All-star cast presents a searing drama about a homespun #MeToo movement
Starring Rooney Mara, Jessie Buckley, Claire Foy & Ben Whitshaw
Directed by Sarah Polley
In theaters Friday, Jan. 6, 2023
An all-star ensemble cast tackles a thorny subject in director Sarah Polley’s powerful presentation of a 2018 novel about the traumatic aftermath of horrific sexual abuse.
The book was based on actual events that happened in Bolivia, when men in an ultraconservative religious community were arrested and eventually imprisoned for raping women and young girls after drugging them with animal tranquilizers. The film imports the story to America, as a small group of the victimized women—Mennonites in the book, but not noted in the film—meet in a barn during a tense two-day period to decide their fateful course of action for when the men return, out on bail.
There are indelibly potent performances by Roonie Mara, Jessie Buckley, Claire Foy and others as the besieged women huddling on haybales to debate faith, forgiveness, justice, morality and mortality, and craft their dreams for a better future. Suffering for years under the heels of a repressive patriarchy that has kept them apart from the “civilized” world and denied them access to education and technology, the women are barely literate. But, with the clock ticking and their attackers returning, they realize the importance of choosing one of the three options before them—staying and resisting, leaving forever, or simply doing nothing.
Ben Whitshaw plays a mild-mannered, college-educated Mennonite who has returned to the colony as a schoolteacher; he’s the only male the women trust, and he’s been asked to take the minutes of the meetings, to create a record. Significantly, he’s the only adult male in the movie that we ever fully see, or whose voice we hear—the lone sympathetic soul in a seemingly soulless place where the other males are either faceless sexual predators, abusive beasts, or enablers of a male-dominated culture that has fostered such toxic, repressive masculinity.
The discussions are fraught with weighty consequences. In this authoritarian religious microcosm, male leaders have told the women that the horrors they’ve experienced are only the fertile stuff of dreams and nightmares, the results of the hyper-active female imagination—and those pregnancies, well, they’re the work of ghosts, or even Satan. And if they ever, for whatever reason, deign to leave the colony, women will forever forfeit their ticket to all heavenly afterlife rewards.
It’s stylish and solidly theatrical, intimately small and intently focused in both scope and setting; it’s filmed in muted, monochromatic colors to underline the somber overtones and the seriousness of the situation. These are women at a breaking point, pushed to life-altering choices about what to do with their lives, how to move forward to ensure the safety of their daughters. As they grapple with the details of their homespun #MeToo movement to move out from underneath a gaslight toward true light, viewers are compelled to consider the wider, larger real-world connections—to women everywhere, anywhere, anytime, who bravely confront injustice and abuse.
Although there’s little action, in a conventional movie sense, there’s plenty of drama as the women do what the title suggests: They talk. They also sing hymns, quote Scripture, shout, and sometimes laugh—and let fly an f-word or two. A familiar Monkees hit, blaring from a car, is a bittersweet intrusion of the “forbidden” outside real world popping—for just a moment—their insular little bubble. There’s even a shoutout to gender fluidity, represented by a young female character who decides—after her rape and miscarriage—that she simply doesn’t want to be a girl anymore.

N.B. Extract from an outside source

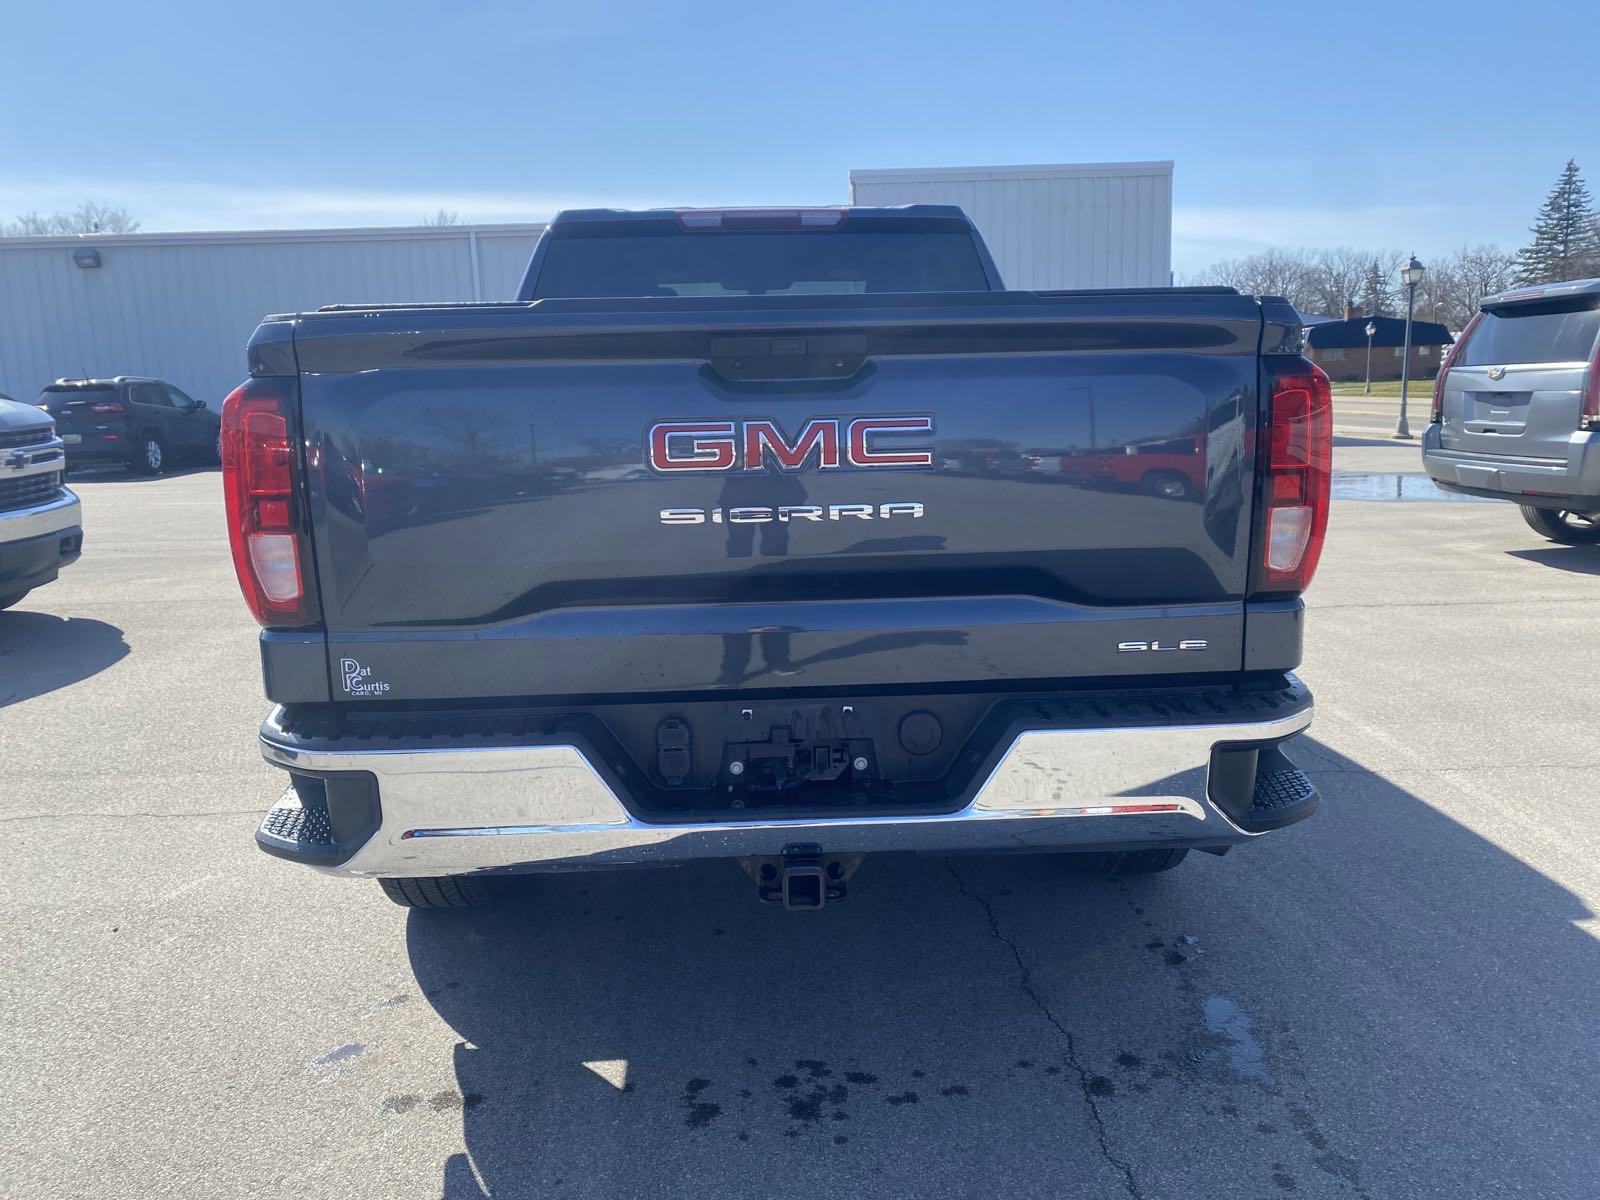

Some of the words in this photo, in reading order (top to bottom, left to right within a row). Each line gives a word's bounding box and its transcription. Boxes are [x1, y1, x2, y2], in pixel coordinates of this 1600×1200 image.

It’s not Top Gun or Avatar, by any stretch. Nothing blows up, no one gets shot, and the only high-velocity moment is when a horse-drawn buggy veers off into a field. But Women Talking is explosive in other ways, including how it presents a group of women facing choices that could very well blow up the only world they’ve ever known. As the rest of America is being “counted,” against the film’s backdrop of the 2010 national census, these women are also making their presence known.
A late entry as a contender for one of the year’s best movies, it’s a monumentally consequential, timelessly important film. How important? Frances McDormand (who has a small role as one of the women) and Brad Pitt (who doesn’t) are among the producers, believing in the film enough to put their movie muscles into it.
It quietly, vividly, simply and surely sears its way into your soul, a bold, thought-provoking testament to the revolutionary power that can start with women talking, then mapping the way for themselves and future generations to navigate the world.